───── Exercise input

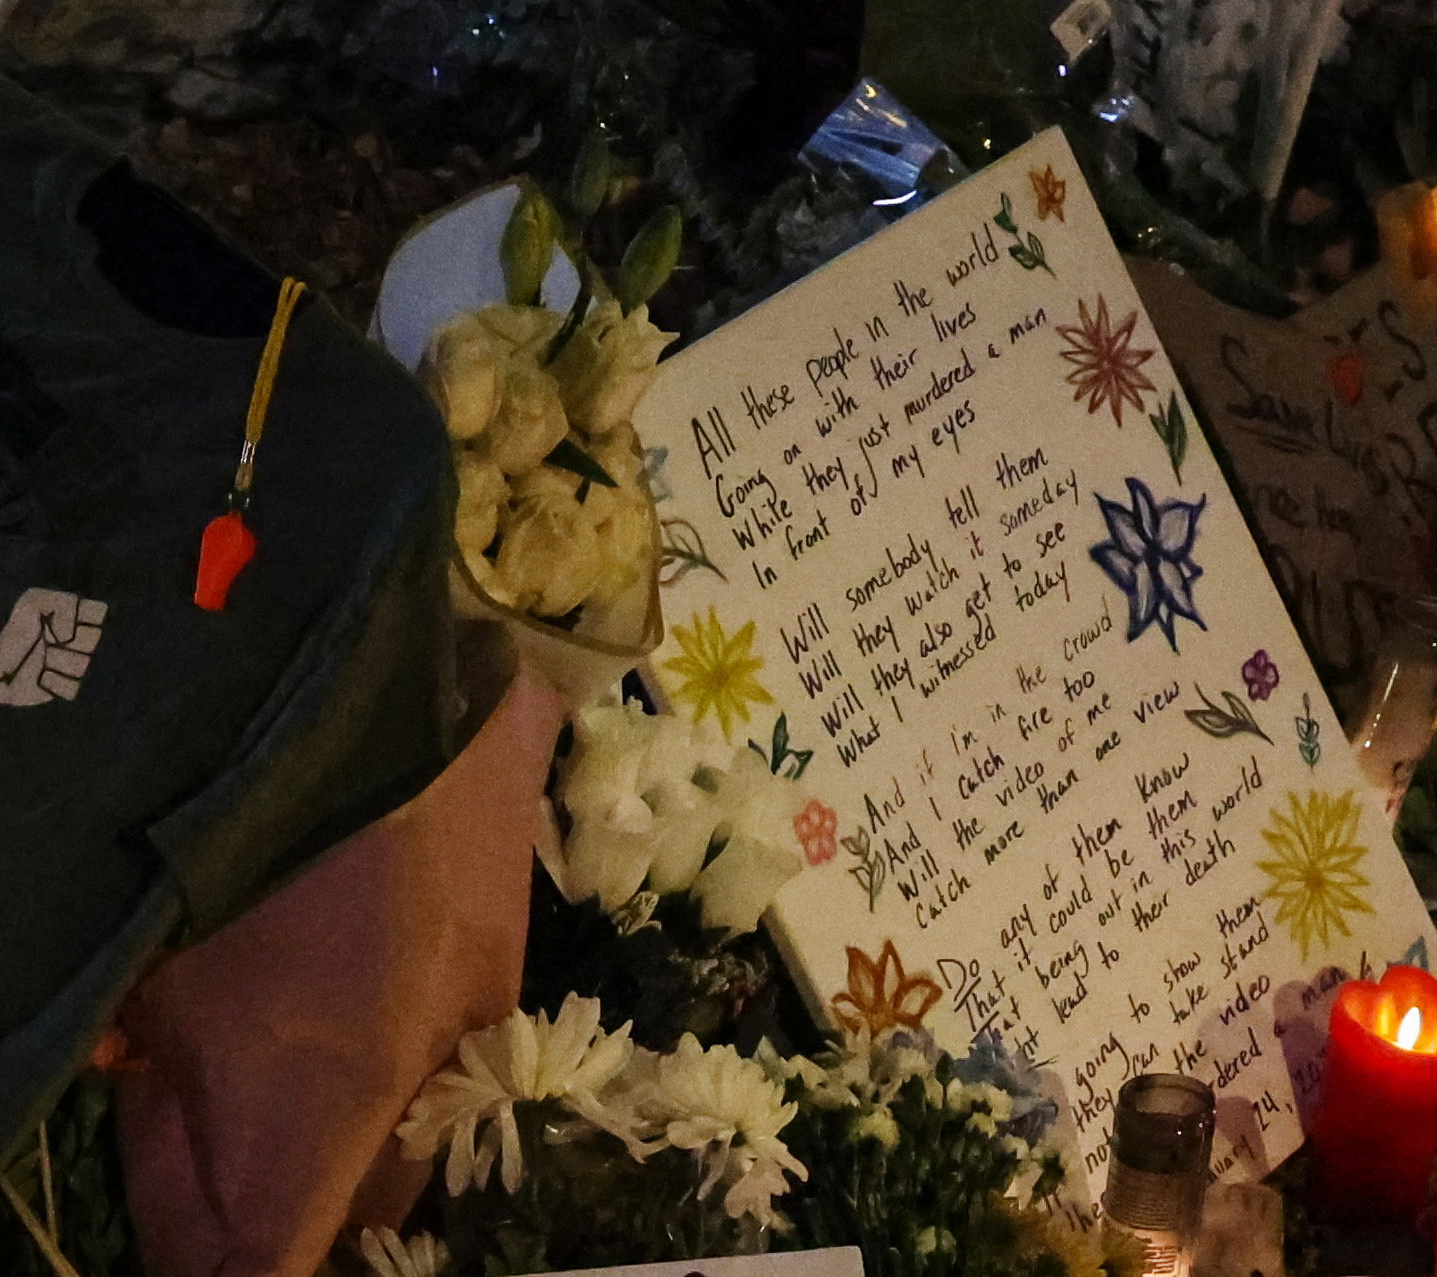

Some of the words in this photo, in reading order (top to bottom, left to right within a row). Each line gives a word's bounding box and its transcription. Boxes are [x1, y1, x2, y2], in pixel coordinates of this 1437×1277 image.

[690, 405, 737, 480] All
[739, 383, 795, 430] these
[804, 326, 875, 398] people
[864, 315, 889, 342] in
[892, 279, 933, 317] the
[944, 221, 999, 287] world
[714, 468, 775, 518] Going
[782, 443, 802, 465] on
[814, 386, 859, 438] with
[869, 347, 917, 391] their
[930, 301, 976, 343] lives
[800, 455, 859, 496] they
[848, 412, 892, 493] just
[903, 352, 976, 425] murdered
[987, 342, 1001, 358] a
[1008, 307, 1046, 344] man
[751, 560, 778, 590] In
[784, 508, 830, 561] front
[842, 472, 877, 516] of
[891, 444, 925, 478] my
[930, 399, 975, 454] eyes
[778, 601, 830, 664] Will
[844, 532, 946, 612] somebody
[943, 484, 980, 529] tell
[994, 446, 1049, 489] them
[835, 714, 881, 768] What
[890, 695, 904, 723] I
[918, 619, 997, 699] witnessed
[1014, 559, 1070, 612] today
[882, 820, 922, 874] And
[927, 795, 942, 821] I
[1016, 705, 1053, 741] fire
[1062, 670, 1095, 703] too
[935, 957, 981, 1001] Do
[999, 902, 1037, 956] any
[1042, 862, 1059, 901] of
[1071, 817, 1122, 866] them
[952, 968, 1014, 1032] That
[1003, 936, 1031, 972] it
[1048, 877, 1093, 934] could
[1104, 848, 1134, 879] be
[1145, 789, 1197, 840] them
[1096, 940, 1120, 970] to
[1183, 828, 1236, 887] death
[1172, 1039, 1207, 1073] the
[1218, 974, 1270, 1026] video
[1207, 1031, 1262, 1089] rdered

──────────

§ Exercise requirements
If a record contains a picture, leave the picture out and retype everything else exactly.

§ Response below
Some of the words in this photo, in reading order (top to bottom, left to right within a row). Each line gives a word's bounding box and its transcription. Boxes are [x1, y1, x2, y2], in pixel coordinates of this 1437×1277 image.

[690, 405, 737, 480] All
[739, 383, 795, 430] these
[804, 326, 875, 398] people
[864, 315, 889, 342] in
[892, 279, 933, 317] the
[944, 221, 999, 287] world
[714, 468, 775, 518] Going
[782, 443, 802, 465] on
[814, 386, 859, 438] with
[869, 347, 917, 391] their
[930, 301, 976, 343] lives
[800, 455, 859, 496] they
[848, 412, 892, 493] just
[903, 352, 976, 425] murdered
[987, 342, 1001, 358] a
[1008, 307, 1046, 344] man
[751, 560, 778, 590] In
[784, 508, 830, 561] front
[842, 472, 877, 516] of
[891, 444, 925, 478] my
[930, 399, 975, 454] eyes
[778, 601, 830, 664] Will
[844, 532, 946, 612] somebody
[943, 484, 980, 529] tell
[994, 446, 1049, 489] them
[835, 714, 881, 768] What
[890, 695, 904, 723] I
[918, 619, 997, 699] witnessed
[1014, 559, 1070, 612] today
[882, 820, 922, 874] And
[927, 795, 942, 821] I
[1016, 705, 1053, 741] fire
[1062, 670, 1095, 703] too
[935, 957, 981, 1001] Do
[999, 902, 1037, 956] any
[1042, 862, 1059, 901] of
[1071, 817, 1122, 866] them
[952, 968, 1014, 1032] That
[1003, 936, 1031, 972] it
[1048, 877, 1093, 934] could
[1104, 848, 1134, 879] be
[1145, 789, 1197, 840] them
[1096, 940, 1120, 970] to
[1183, 828, 1236, 887] death
[1172, 1039, 1207, 1073] the
[1218, 974, 1270, 1026] video
[1207, 1031, 1262, 1089] rdered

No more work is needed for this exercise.